Embodiment
Below in conjunction with accompanying drawing, the specific embodiment of the present invention is described in further detail.Should understand these embodiments to be only not used in for illustration of the present invention and to limit the scope of the invention, after reading this disclosure, the amendment of those skilled in the art to the various equivalent form of value of the present invention all falls within right appended by the present patent application.
Application scenarios: the multi-user downlink system of a single base station, the number of users of serving is K, and wherein, base-station node configuration N transmit antennas and user node configuration single received antenna, system model figure is see Fig. 1.
Optimization aim: through-put power and QoS of customer (qualityofservice to greatest extent in single base station, QoS) under the constraints such as demand, maximize system energy efficiency performance (energyefficiency, EE), the i.e. ratio of system weighted sum rate and total power consumption, its mathematic(al) representation is
Wherein,
W=[w
1..., w
k],
represent the beam vector of collaboration user k;
P=[p
1..., p
k]
t, p
krepresent the downlink power allocation value of collaboration user k;
represent the normalization channel coefficients vector between single base station and collaboration user k;
represent speed weighted factor and the target Signal to Interference plus Noise Ratio of collaboration user k respectively;
P,P
c, P
0represent single base station through-put power to greatest extent respectively, the circuit-level power consumption that single antenna is fixed and single base station maintain the base power consumption of normal work;
represent the poor efficiency of single base station power amplifier.

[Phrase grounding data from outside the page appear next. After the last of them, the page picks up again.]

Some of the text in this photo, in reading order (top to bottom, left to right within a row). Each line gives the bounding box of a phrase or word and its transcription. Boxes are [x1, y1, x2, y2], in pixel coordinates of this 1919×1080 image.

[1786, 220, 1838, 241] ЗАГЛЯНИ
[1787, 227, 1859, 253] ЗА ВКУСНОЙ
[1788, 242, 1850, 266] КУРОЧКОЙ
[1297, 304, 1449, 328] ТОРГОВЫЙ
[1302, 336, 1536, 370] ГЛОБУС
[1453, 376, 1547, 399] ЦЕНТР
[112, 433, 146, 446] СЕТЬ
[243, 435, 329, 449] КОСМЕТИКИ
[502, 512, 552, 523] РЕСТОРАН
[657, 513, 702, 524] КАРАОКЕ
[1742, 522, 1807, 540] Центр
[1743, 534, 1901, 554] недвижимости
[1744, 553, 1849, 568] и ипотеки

Utilize the extensive MIMO beam-forming method of the high energy efficiency of statistical channel state information, its flow chart is see Fig. 2, and concrete implementation step comprises:
Step 201, obtain statistical channel state information between single base station and collaboration user;
The optimization problem that step 202, single base station utilize the virtual up-link power of statistical channel state information process to distribute, obtains the virtual up-link power allocation vector optimized;
Step 203, utilize the transfer problem of uplink downlink duality process uplink downlink power division according to the virtual up-link power allocation vector of described optimization, obtain the downlink power allocation vector optimized;
Step 204, obtain instantaneous channel state information between single base station and collaboration user;
Step 205, to utilize according to the virtual up-link power allocation vector of described optimization instantaneous channel state information to calculate downlink beamforming vector, obtain the downlink beamforming vector optimized.
It should be noted that, step 201 to step 203 is the optimization problems utilizing the virtual up-link power of statistical channel state information process to distribute, and utilize the transfer problem of uplink downlink duality process uplink downlink power division, the downlink power allocation be optimized vector; Step 204 and step 205 utilize instantaneous channel state information to calculate downlink beamforming vector, the downlink beamforming be optimized vector.

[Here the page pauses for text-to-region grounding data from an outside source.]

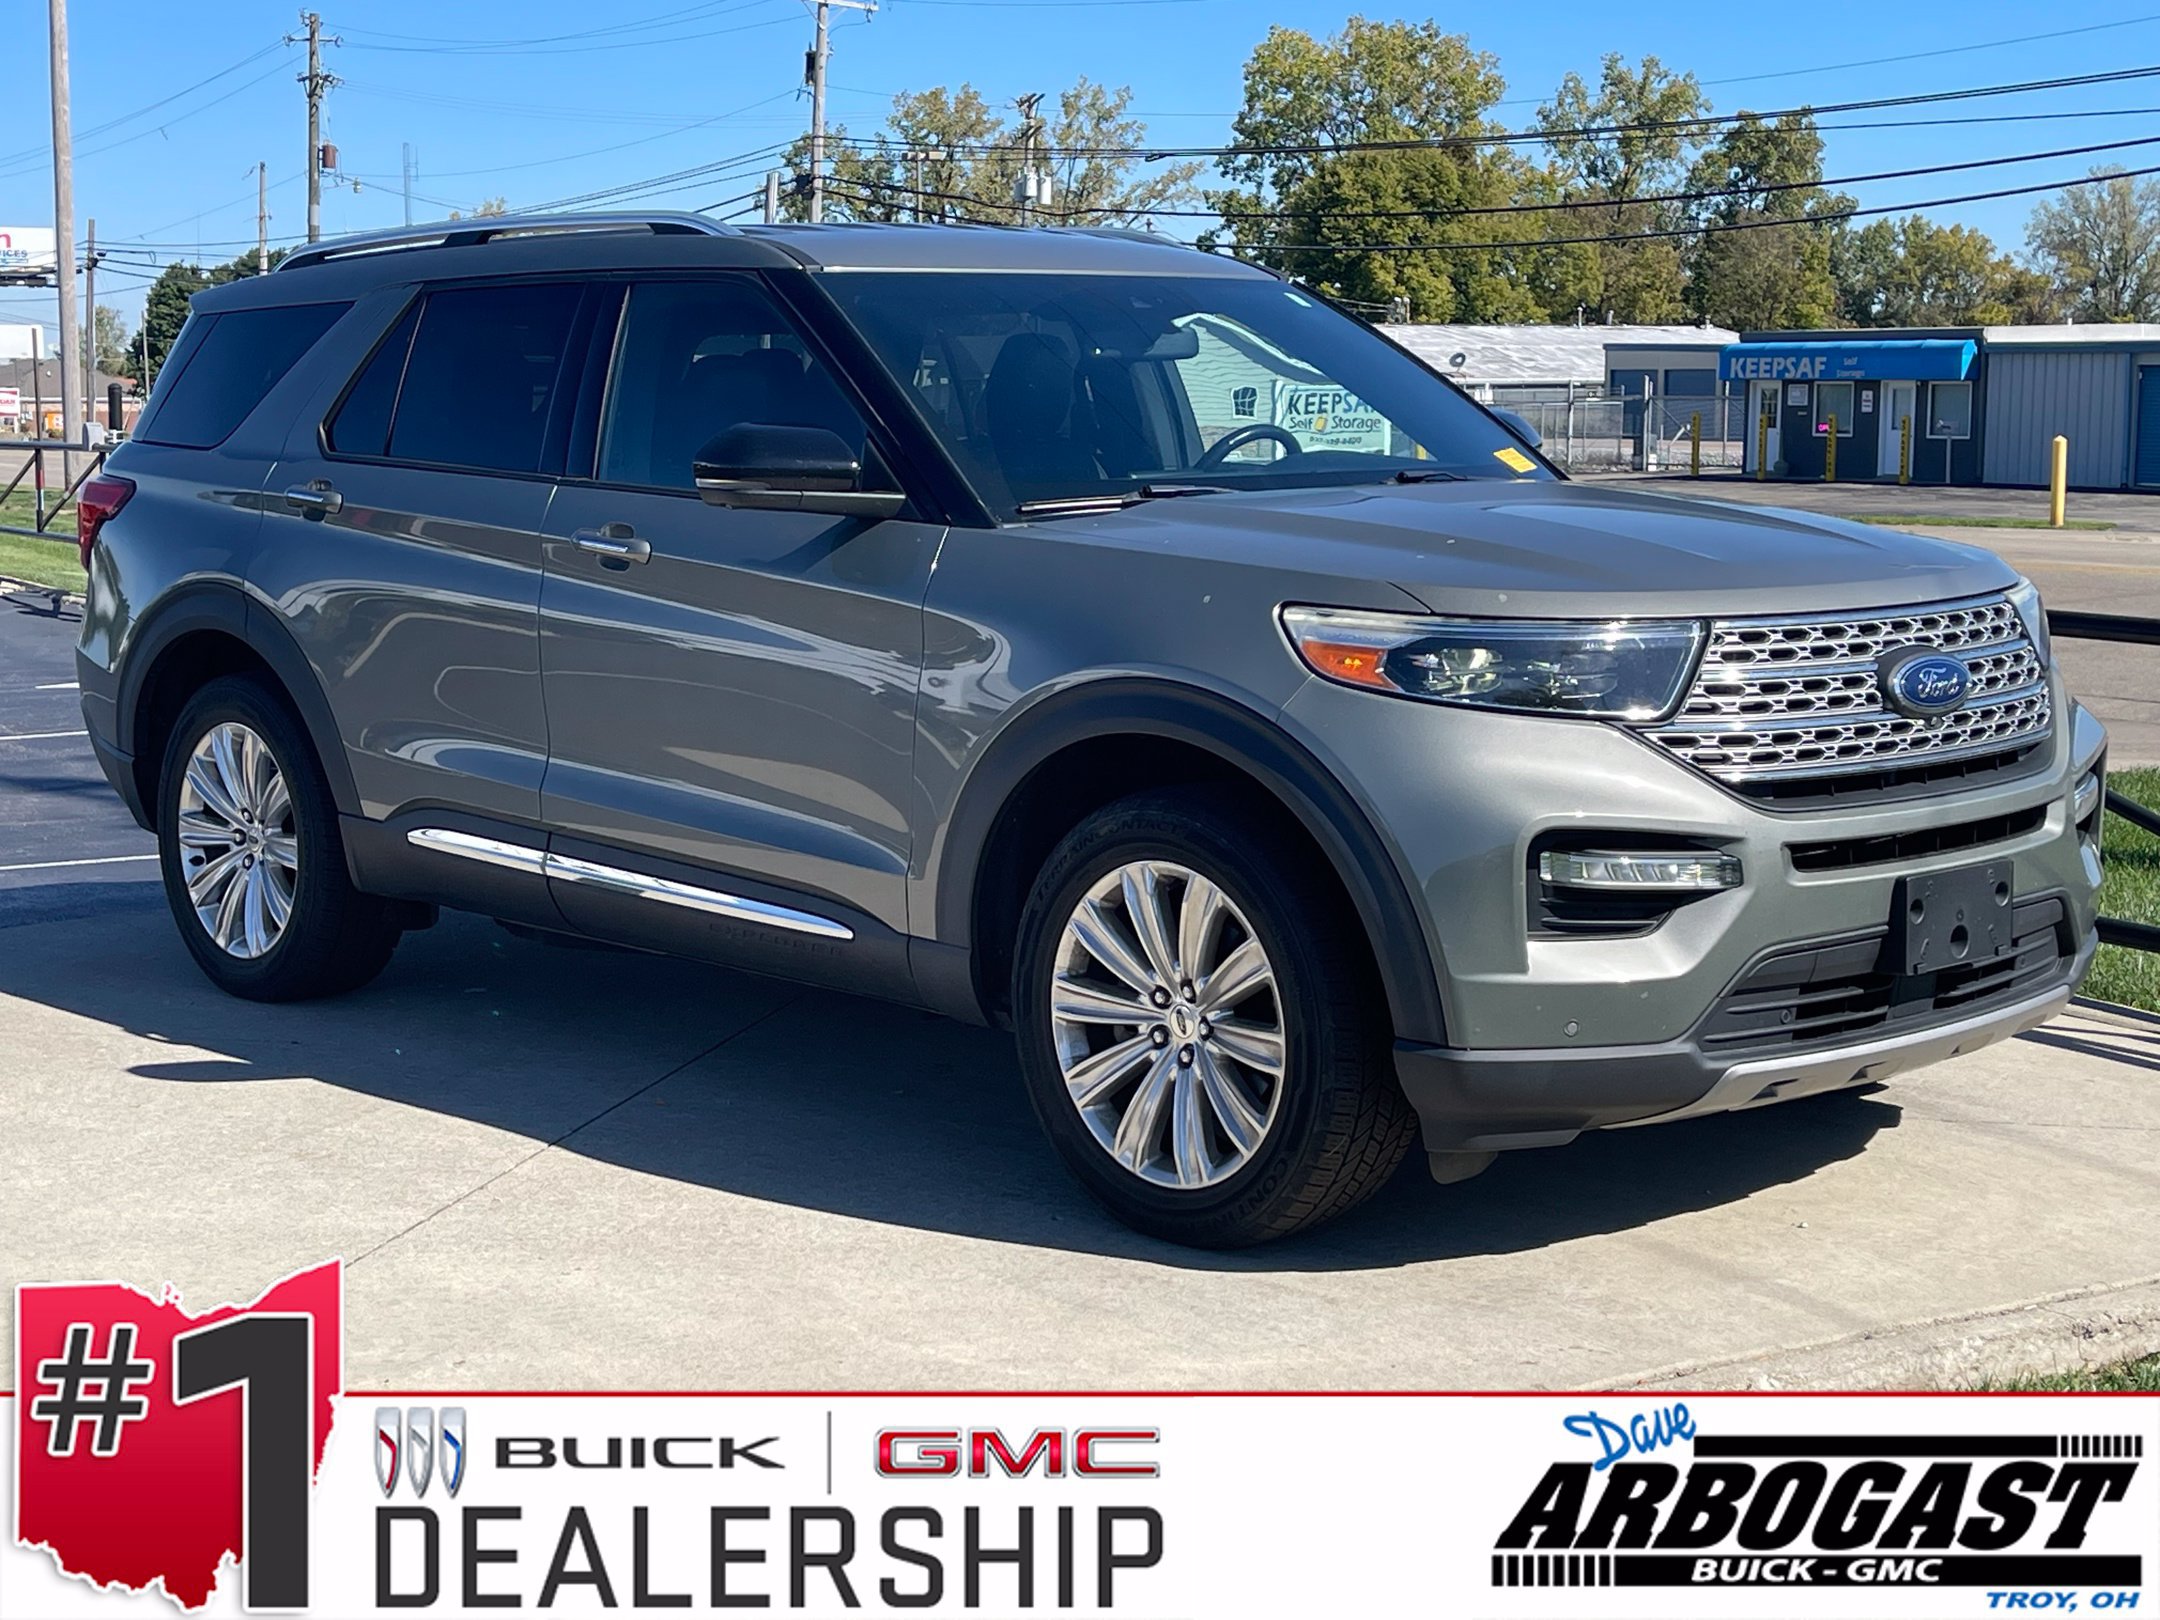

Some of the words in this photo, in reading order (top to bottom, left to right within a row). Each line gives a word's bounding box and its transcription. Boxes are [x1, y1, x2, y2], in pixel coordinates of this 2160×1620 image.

[1729, 356, 1827, 379] KEEPSAF
[1288, 392, 1375, 415] KEEPSA
[1288, 416, 1313, 429] Self
[1331, 415, 1381, 433] Storage
[1917, 666, 1960, 699] Ford

To step 202 be illustrated, step 203 below, the concrete feasible implementation method of step 205,
Such as, the concrete feasible implementation method of step 202, its flow chart, see Fig. 3, comprising:
Step 301, initialization of virtual up-link power allocation vector;
It can be specifically minimum power under single base station to greatest extent constraints such as through-put power and QoS demand, namely minimum power (powerminimization in prior art is utilized, PM) the virtual up-link power allocation vector of algorithm initialization, thus obtain virtual up-link power allocation vector initial value q
(0), wherein,
represent the virtual up-link power apportioning cost of collaboration user k.

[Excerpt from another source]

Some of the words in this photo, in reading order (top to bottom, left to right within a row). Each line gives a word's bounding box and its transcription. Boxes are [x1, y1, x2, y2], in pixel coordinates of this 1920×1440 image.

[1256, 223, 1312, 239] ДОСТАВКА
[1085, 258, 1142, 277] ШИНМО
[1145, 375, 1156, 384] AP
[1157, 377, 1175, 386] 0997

Step 302, external iteration upgrade the power consumption factor;
Can be specifically determine according to linear search method
Wherein, n represents external iteration number of times, initial value
Step 303, statistical channel state information internal layer iteration is utilized to upgrade virtual up-link power allocation vector;
Concrete feasible implementation method comprises the steps:
According to the power consumption factor-alpha of current external iteration
(n)initialization of virtual up-link power allocation vector q
(m), wherein, m represents internal layer iterations, initial value m=0;
According to the virtual up-link power allocation vector q of current internal layer iteration
(m)calculate
Obtain
wherein, Θ
krepresent the normalization spatial correlation matrix between single base station and collaboration user k;
According to the power consumption factor-alpha of current external iteration
(n)broad sense water-filling algorithm is utilized to upgrade virtual up-link power allocation vector, namely
Or,
search optimum level of water line
meet power constraints
Obtain the virtual up-link power allocation vector q after upgrading
(m+1), wherein,
Judge whether to stop internal layer iteration, if
then by described virtual up-link power allocation vector q
(m+1)as the virtual up-link power allocation vector q of current external iteration
* (n), otherwise return the virtual up-link power allocation vector calculating e performed according to current internal layer iteration, wherein ζ is a predetermined threshold value.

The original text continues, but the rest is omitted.